Tax Decisions 2011-2012

Strategic Analysis

 

The uncertain political and fiscal landscape is forcing many wealthy US taxpayers to face the difficult decision of whether to sell (and potentially repurchase) appreciated assets prior to year end.

While the high probability of a general tax hike would make the simple mathematics of accelerating long term capital gains appear favorable, such analysis would only focus on the context of tax rates.  In fact, such approach would dismiss many less easily quantifiable variables that could adversely impact the result.

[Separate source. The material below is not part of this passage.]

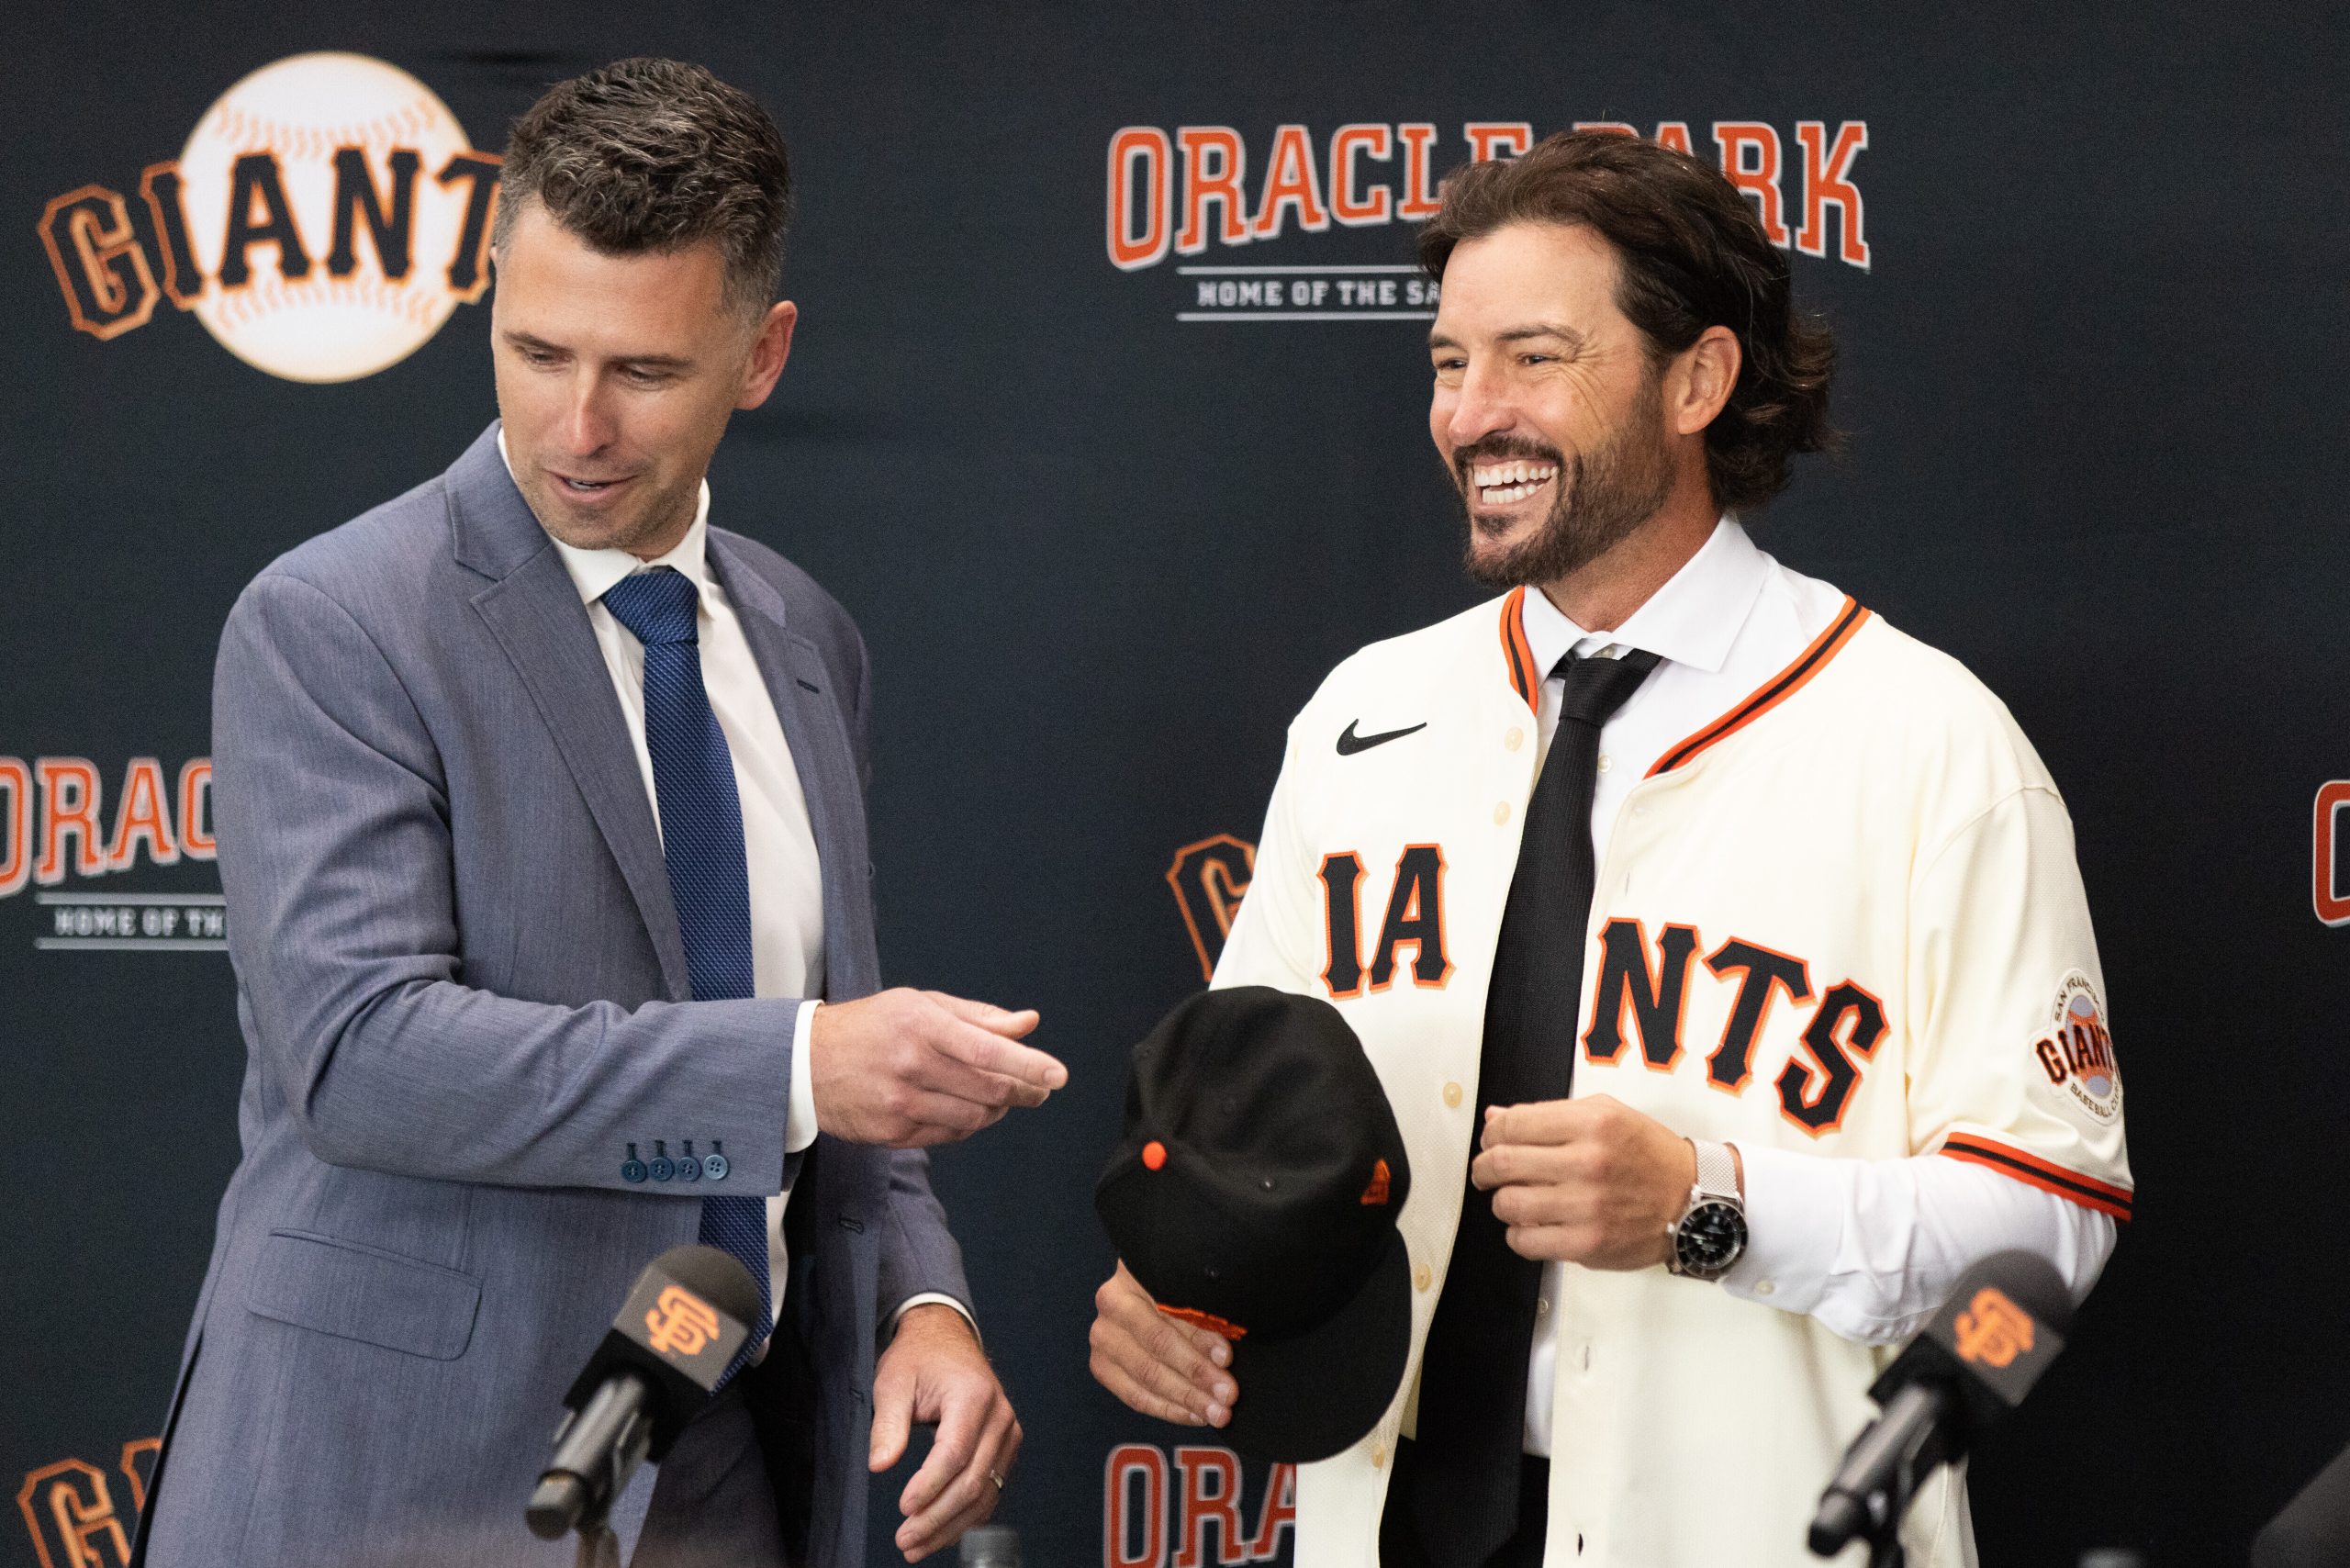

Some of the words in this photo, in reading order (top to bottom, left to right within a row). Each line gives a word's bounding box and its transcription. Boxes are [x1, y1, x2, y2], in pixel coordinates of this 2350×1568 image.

[1197, 281, 1283, 307] HOME
[1291, 281, 1329, 307] OF
[1336, 280, 1397, 306] THE

These variables include: future holding periods, prospect of future appreciation or depreciation, liquidity needed for taxes, opportunity cost on taxes paid, state tax costs, the prospect of future favorable tax rate changes, existing capital loss or net operating loss carry forwards, trading costs or transaction fees, estate planning objectives, owner’s life expectancy (and potential tax basis step-up), and near and longer term charitable planning objectives.

While no formula can clearly and accurately answer this question for everyone, a thoughtful and collaborative conversation with your tax expert and financial advisor is probably a good starting point.

Acceleration of tax very well might be the right thing to do, but careful consideration should be given to the premature and permanent depletion of capital. The following list is meant to highlight the major elements to be analyzed.  Before pursuing these or any other tax planning ideas, you should discuss your unique situation with your financial advisory team and your tax professionals.

 

2012 Income Acceleration Strategy

 

• Consider accelerating diversification plans for large stock concentrations

• Consider the sale and repurchase of appreciated securities held for over 1 year to lock in favorable long-term capital gains rates (assuming no large capital loss or other loss carry forwards)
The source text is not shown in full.